Print the whole listing below exactly, skipping every picture.

◆ ◆ ◆

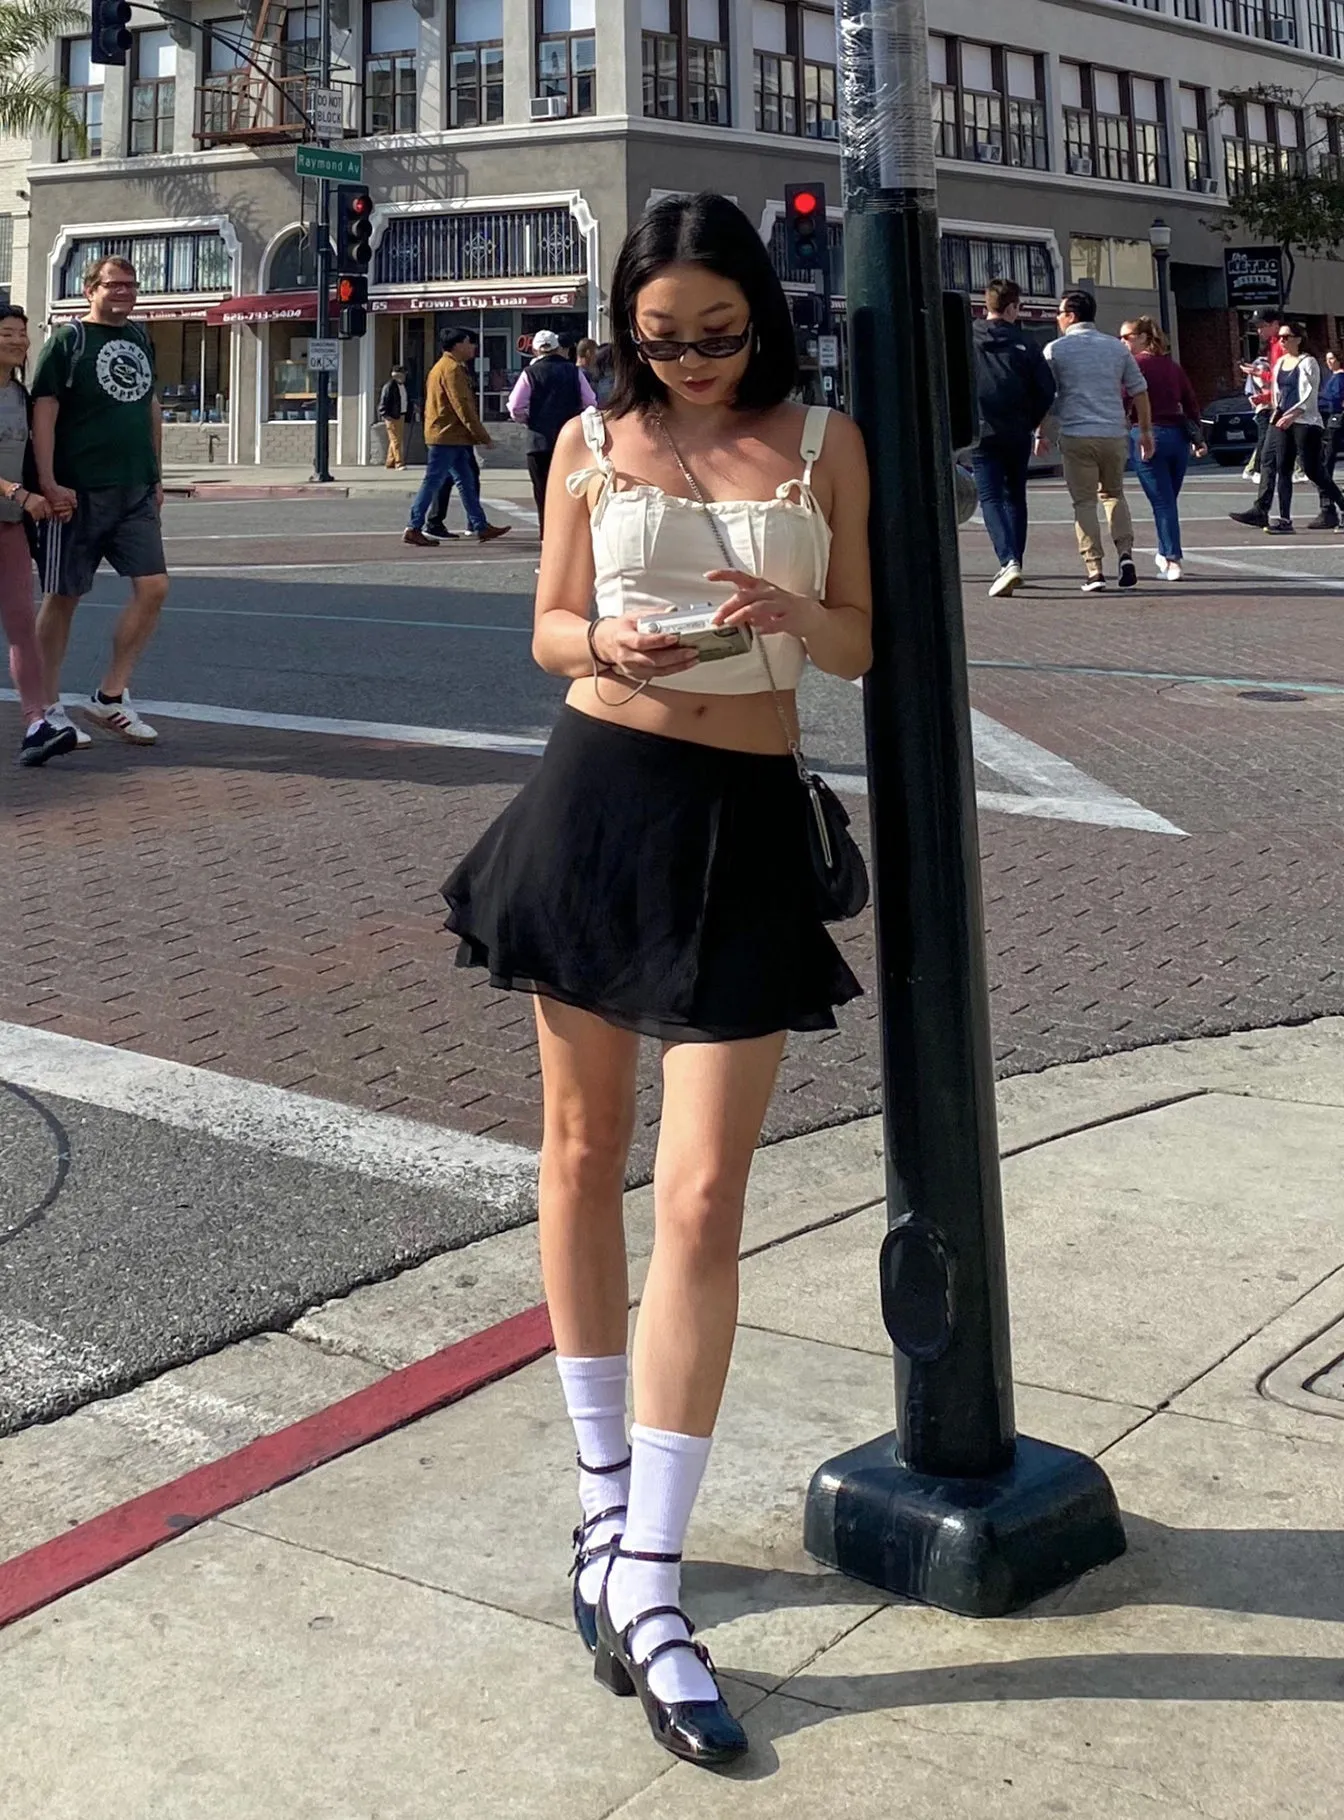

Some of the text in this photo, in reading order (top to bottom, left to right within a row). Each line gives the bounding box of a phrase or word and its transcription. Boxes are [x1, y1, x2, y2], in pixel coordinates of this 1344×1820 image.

[317, 95, 342, 108] DO NOT
[317, 111, 342, 123] BLOCK
[298, 154, 360, 174] Raymond Av
[1227, 258, 1279, 275] RETRO
[371, 294, 569, 311] 65 Crown City Loan 65
[100, 343, 145, 364] ISLAND
[101, 374, 149, 400] HOPPER
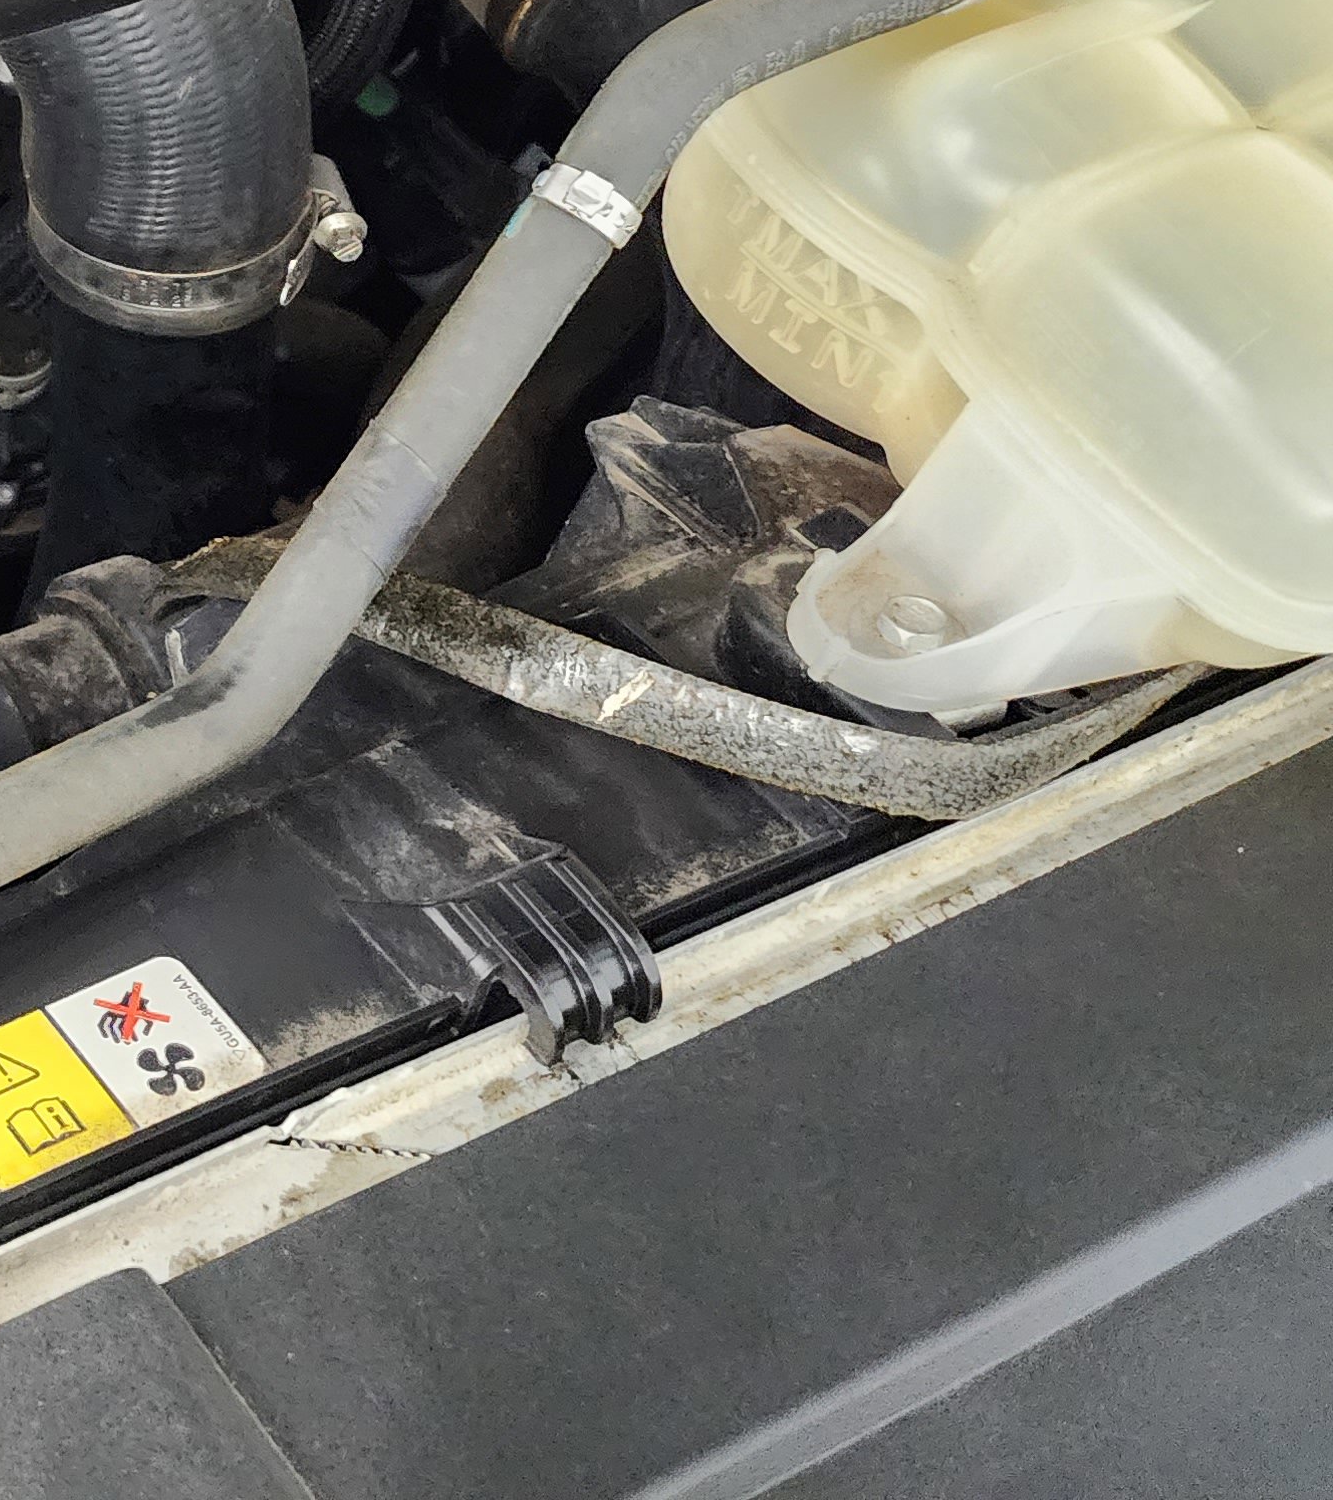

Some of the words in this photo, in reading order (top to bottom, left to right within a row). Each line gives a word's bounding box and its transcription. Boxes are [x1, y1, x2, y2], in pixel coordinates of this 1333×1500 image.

[724, 258, 876, 389] MIN
[736, 212, 888, 338] MAX
[172, 972, 240, 1049] GU5A-8653-AA

◆ ◆ ◆

**WRITTEN REPLY**.
Some of the text in this photo, in reading order (top to bottom, left to right within a row). Each line gives the bounding box of a phrase or word and its transcription. Boxes are [x1, y1, x2, y2], in pixel coordinates of this 1344×1820 image.

[317, 95, 342, 108] DO NOT
[317, 111, 342, 123] BLOCK
[298, 154, 360, 174] Raymond Av
[1227, 258, 1279, 275] RETRO
[371, 294, 569, 311] 65 Crown City Loan 65
[100, 343, 145, 364] ISLAND
[101, 374, 149, 400] HOPPER

Some of the words in this photo, in reading order (top to bottom, left to right within a row). Each line gives a word's bounding box and its transcription. Boxes are [x1, y1, x2, y2], in pixel coordinates of this 1333×1500 image.

[724, 258, 876, 389] MIN
[736, 212, 888, 338] MAX
[172, 972, 240, 1049] GU5A-8653-AA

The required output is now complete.